A Nuclear protein extracts were prepared from untreated EPCs and analyzed by EMSA with the CXCR4-biotin probe. Specific competition was performed with the 50-, 100- or 200-fold molar excess of unlabeled CXCR4 probe. B EPCs were pre-treated with FGF23 for 30 min followed by SDF-1 stimulation for 10 min. Treatment of NF-κB inhibitor (Helenalin) for 40 min was used as a positive control. Nuclear protein extracts were prepared and analyzed by EMSA with the CXCR4-biotin probe.
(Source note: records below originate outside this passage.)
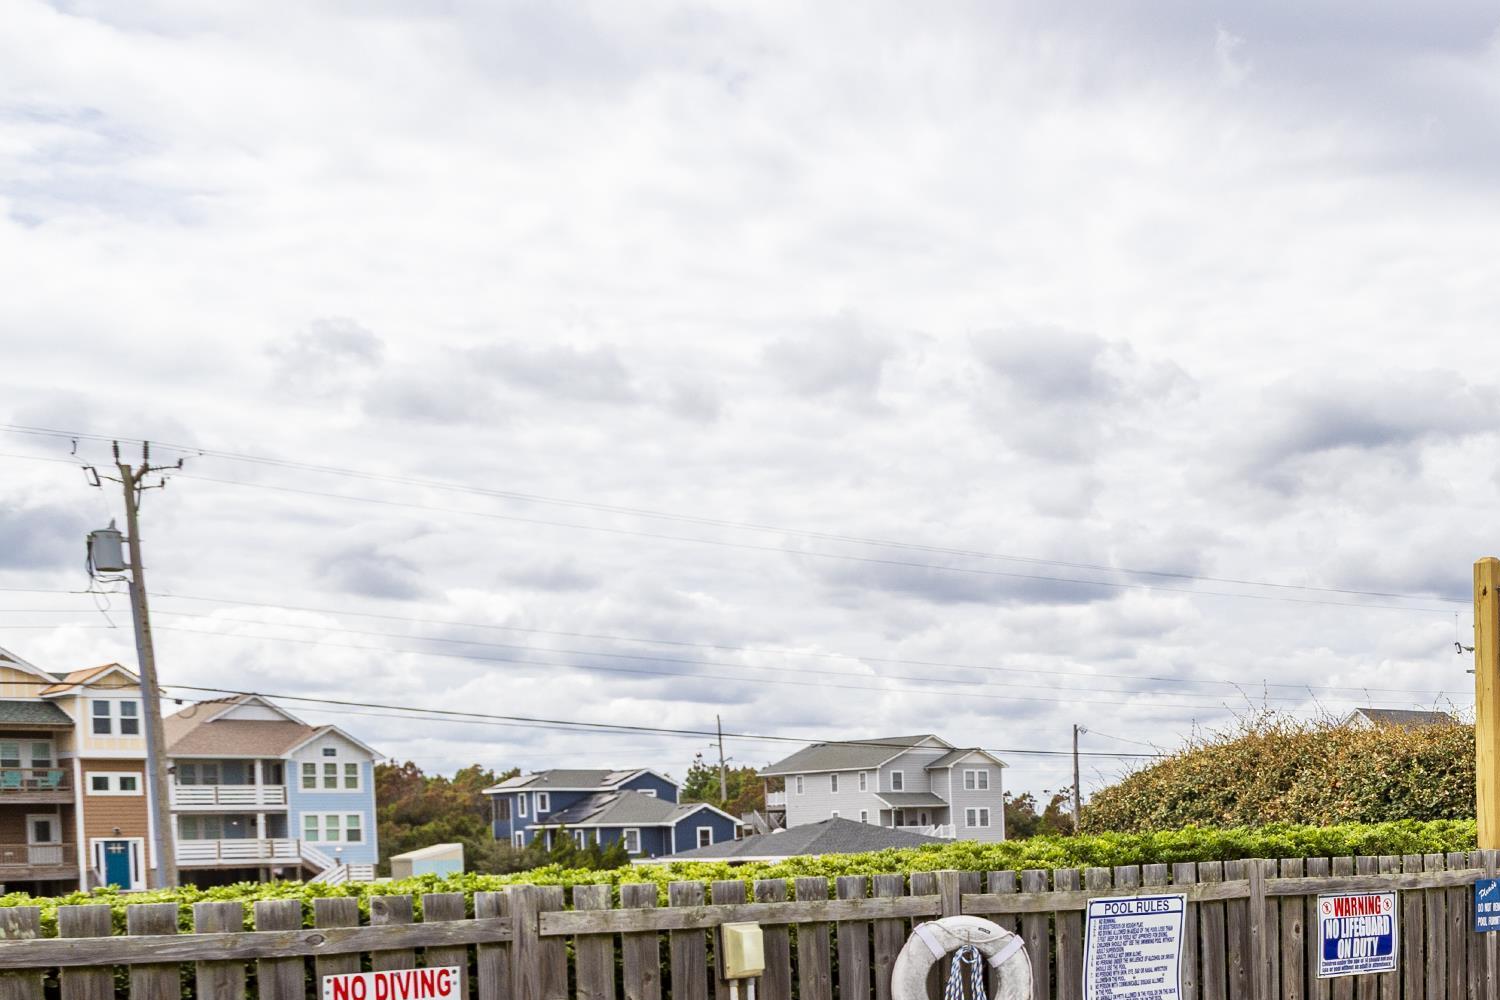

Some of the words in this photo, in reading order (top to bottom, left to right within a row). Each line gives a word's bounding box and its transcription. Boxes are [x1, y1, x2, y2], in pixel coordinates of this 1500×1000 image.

[1104, 902, 1132, 914] POOL
[1136, 900, 1169, 912] RULES
[1334, 895, 1381, 917] WARNING
[1478, 903, 1484, 912] DO
[1484, 902, 1492, 912] NOT
[1326, 919, 1340, 940] NO
[1341, 916, 1390, 938] LIFEGUARD
[1478, 916, 1488, 926] POOL
[1338, 938, 1352, 959] ON
[1353, 936, 1379, 957] DUTY
C For supershift assay, RelA, p-RelA, or p50 Antibodies were incubated with untreated EPC nuclear extracts prior to the addition of the CXCR4-biotin probe. D For DAPA assay, untreated EPC nuclear extracts were incubated with the CXCR4-biotin probe and streptavidin beads. The beads were further analyzed by western blotting with RelA, p-RelA, or p50 Antibodies. E–G EPCs were pre-treated with FGF23 for 30 min followed by SDF-1 stimulation for 15 min. Incubation of NF-κB inhibitor (Helenalin) for 40 min was used as a positive control. For ChIP assays, cross-linked DNA were immunoprecipitated with RelA (E), p50 (F), or p-RelA (G) antibodies and subjected to PCR with CXCR4 specific primers. Treatment with IgG antibody was used as a negative control. PCR product of unprecipitated DNA was used as an input control.